Dayton Community Blood Center Supports Ending Ban on Gay Men Donating Blood
The Dayton Community Blood Center says it supports removing a lifetime ban on gay men donating blood. The U.S. Food and Drug Administration is considering the change.
Dayton CBC and blood centers across the country have been calling for a removal of the lifetime ban for years, says CEO Dr. David Smith.
“At the time that was established their were reasons for it—because we did not have good blood testing systems or blood tests to be able to detect those things that you're concerned about, at the time it was HIV,” he said.
Smith says donated blood is much safer 30 years after the ban. Testing procedures have improved and expanded, and every donation of blood is tested. According to Smith, “You’re more likely to get struck by lightning than to get an infectious disease from transfusion.”

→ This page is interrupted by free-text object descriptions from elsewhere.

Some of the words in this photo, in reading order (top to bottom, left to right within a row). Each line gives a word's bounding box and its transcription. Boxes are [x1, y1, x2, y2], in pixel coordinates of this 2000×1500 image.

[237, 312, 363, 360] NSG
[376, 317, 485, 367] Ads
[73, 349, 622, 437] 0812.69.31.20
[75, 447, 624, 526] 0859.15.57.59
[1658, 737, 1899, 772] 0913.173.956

Additionally, the CEO says current rules on who can donate are inconsistent. He gives the example—"right now, if you have a woman who has sex with a man and that man’s had sex with another man well, she's not permanently deferred [banned], she's only deferred for a year. ”
Though, a one year deferral, or ban on donating blood for gay men would still be in place for men who have had sex with other men in the last year. FDA changes would make the rules for giving blood the same for all high-risk groups.
It could be some time before any changes go into effect though. Smith says it could be a year or more before the proposal is approved by the FDA.